PSB prioriza PT para vice de Casagrande

Postado por  admin em 26 de maio de 2010 – 10:47

Fonte: A Gazeta, por: Eduardo Fachetti

Publicado em: 26 de maio de 2010 às 10:47

Com a iminente adoção do nome do senador Magno Malta (PR) na composição da chapa palaciana para a disputa ao Senado, o PSB, sigla do pré-candidato Renato Casagrande, se vê às voltas de responder uma outra questão: com quem ficará a vaga de vice? O espaço é alvo de assédio do PT e PDT, mas segundo o presidente socialista no Estado, Luiz Carlos Ciciliotti, os petistas saem na frente nessa disputa, por já estarem no grupo desde que o vice-governador Ricardo Ferraço (PMDB) encabeçava o projeto governista.

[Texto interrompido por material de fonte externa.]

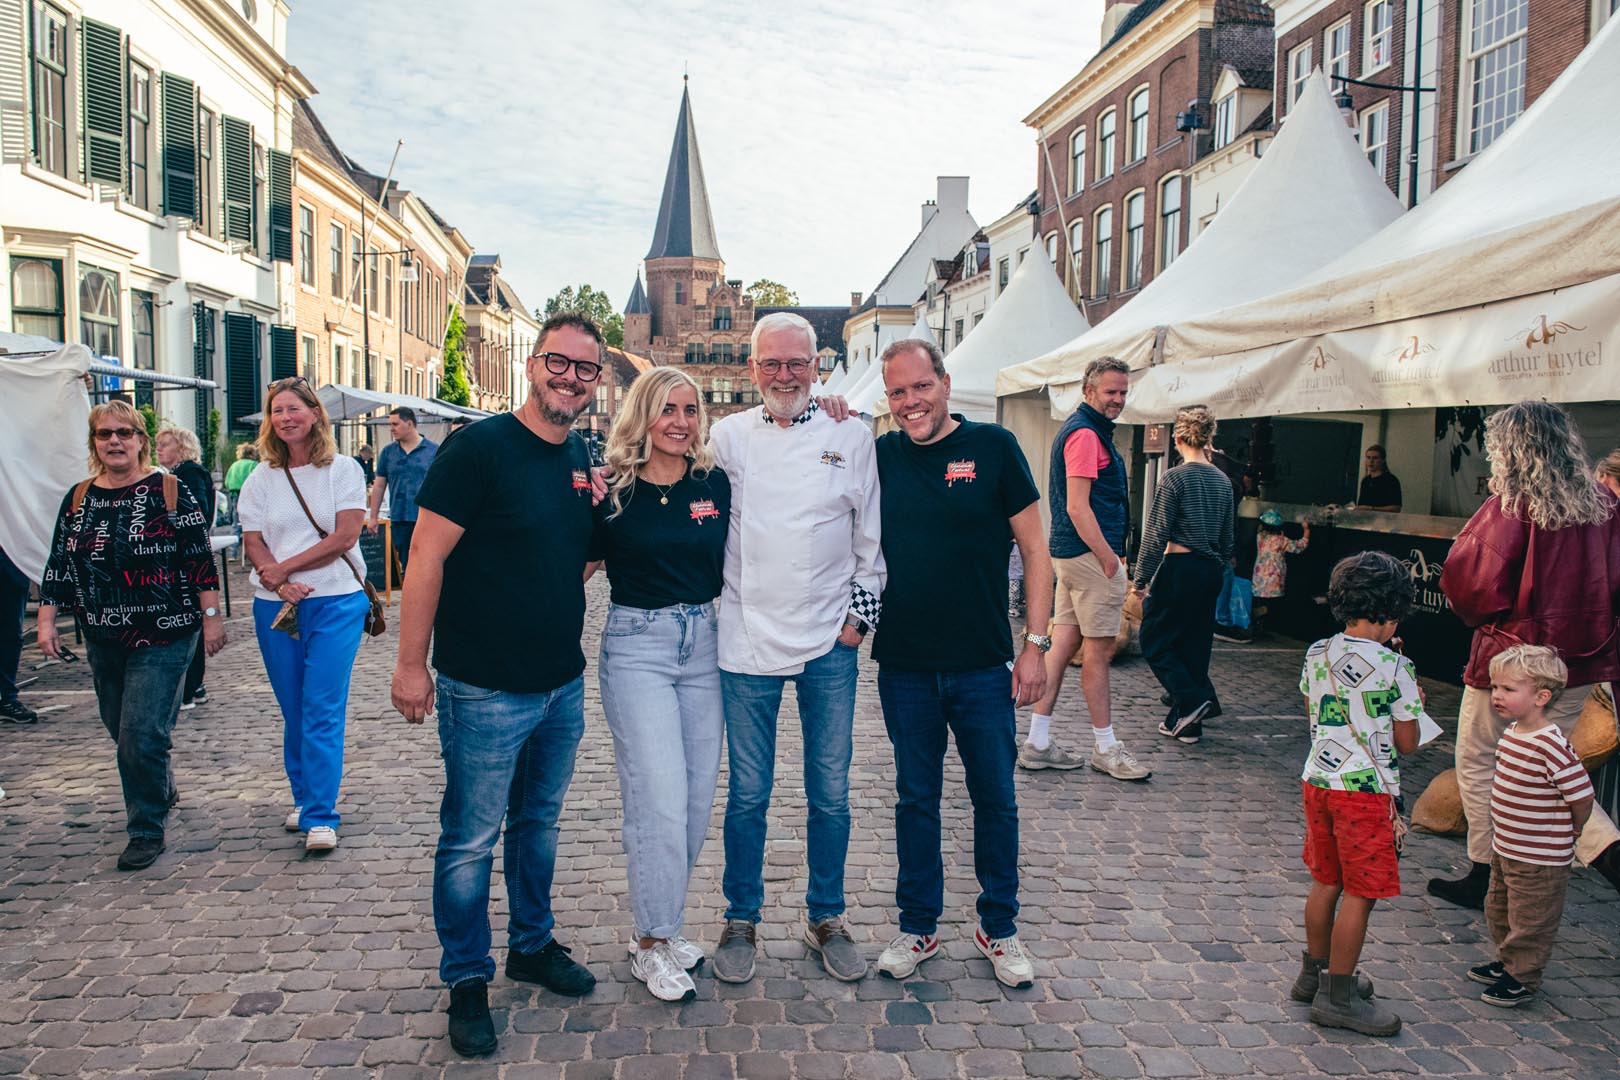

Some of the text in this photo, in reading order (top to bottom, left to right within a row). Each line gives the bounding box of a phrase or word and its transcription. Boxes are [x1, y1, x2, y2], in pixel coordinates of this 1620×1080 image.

[1488, 341, 1602, 376] arthur tuytel
[128, 485, 149, 542] ORANGE
[90, 520, 110, 560] Purple
[134, 542, 177, 555] dark red
[87, 612, 132, 626] BLACK
[103, 603, 144, 614] medium

“Não queremos fazer qualquer movimento que possa desagregar aliados. Fizemos um acordo com PT e PMDB – siglas que primeiro manifestaram apoio ao nome de Casagrande – para discutir a vaga. Contudo, quem sai na frente nesse processo é o PT, que está há mais tempo construindo o projeto conosco”, justificou Ciciliotti.

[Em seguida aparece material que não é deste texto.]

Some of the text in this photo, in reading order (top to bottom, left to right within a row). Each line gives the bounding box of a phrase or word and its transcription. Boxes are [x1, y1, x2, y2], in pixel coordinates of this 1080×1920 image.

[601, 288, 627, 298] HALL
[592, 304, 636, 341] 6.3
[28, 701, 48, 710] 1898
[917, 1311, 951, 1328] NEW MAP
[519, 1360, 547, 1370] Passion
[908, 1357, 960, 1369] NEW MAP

A fala do presidente do PSB contraria a expectativa de que, com a adesão do bloco PR, PDT, PP, PSC e PRB, Magno herdaria a indicação para tentar a reeleição, ao mesmo tempo em que o PDT do prefeito Sérgio Vidigal ganharia, pelo mesmo acordo, direito de indicar o vice. Nas últimas semanas, tanto PR quanto PDT sinalizaram que estas seriam as condições para manifestar apoio a uma das pré-candidaturas. O blocão chegou a se aproximar do PSDB do pré-candidato Luiz Paulo Vellozo Lucas.

O próprio Vidigal, que preside o PDT no Estado, admite que não há avanços nas negociações. “Na última conversa que tive com o PSB, falou-se na possibilidade de discussão sobre esse assunto. Seria arriscado dar palpites, porque essa conversa não caminhou”. Vidigal está na Europa desde o dia 16.

Petistas não recuam
De acordo com o presidente do PT no Estado, o deputado Givaldo Vieira – indicado pela sigla para assumir a posição de vice na chapa palaciana -, a legenda mantém o propósito de nomear o segundo nome do governo.

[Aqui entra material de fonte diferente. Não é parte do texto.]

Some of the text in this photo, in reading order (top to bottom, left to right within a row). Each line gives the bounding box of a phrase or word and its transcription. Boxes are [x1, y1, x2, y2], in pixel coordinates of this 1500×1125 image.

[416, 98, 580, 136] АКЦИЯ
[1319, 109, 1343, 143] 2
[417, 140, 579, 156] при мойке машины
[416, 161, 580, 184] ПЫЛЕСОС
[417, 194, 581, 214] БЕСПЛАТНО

“Nós retiramos uma candidatura própria e participamos desse projeto desde o início. Acredito que os demais parceiros, respeitosamente, entenderão que este espaço cabe a nós”.

Ao defender a titularidade do vice para o PT, o presidente do PSB assinalou que os governistas já estão atendendo, em parte, aos pleitos do blocão liderado por PDT e PR, ao abrigar o senador republicano. “O pleito do PDT é de colocar o DNA do partido no nosso grupo. As portas estão abertas e os aliados têm que estar desprendidos para negociar”, finalizou Ciciliotti.

Ricardo Santos nega isolamento do PSDB
Se nas últimas semanas a chapa liderada pelo deputado federal Luiz Paulo Vellozo Lucas (PSDB) chegou a se aproximar de um acordo com PDT, PR, PP, PSC e PRB, agora, que o tabuleiro político parece se assentar, a legenda já fala em reproduzir as alianças nacionais e ter uma candidatura sem muitas coligações. Enquanto a chapa de Renato Casagrande (PSB) contará com pelo menos 11 legendas associadas, os tucanos trabalham com a expectativa de fechar alianças com PTB, PPS e DEM na disputa ao governo.

O presidente regional do PSDB, Ricardo Santos, no entanto, nega que o partido esteja isolado. “A partir de agora, temos 20 dias para encontrar caminhos. O mais importante é que todos tenham boa vontade para que possamos encontrar soluções”. O tucano disse que as próximas semanas serão de diálogo com os possíveis aliados. “Expusemos nossa total abertura para discutir possibilidades e viabilizar candidaturas proporcionais”, comentou. Recentemente, o presidente do PPS, Luciano Pereira, disse que o partido só formará aliança com quem possa dar sustentação à prioridade do partido, de eleger deputados estaduais e federais. O DEM, por sua vez, quer liberdade para apoiar a candidatura de Ricardo Ferraço (PMDB) ao Senado, que está na chapa socialista.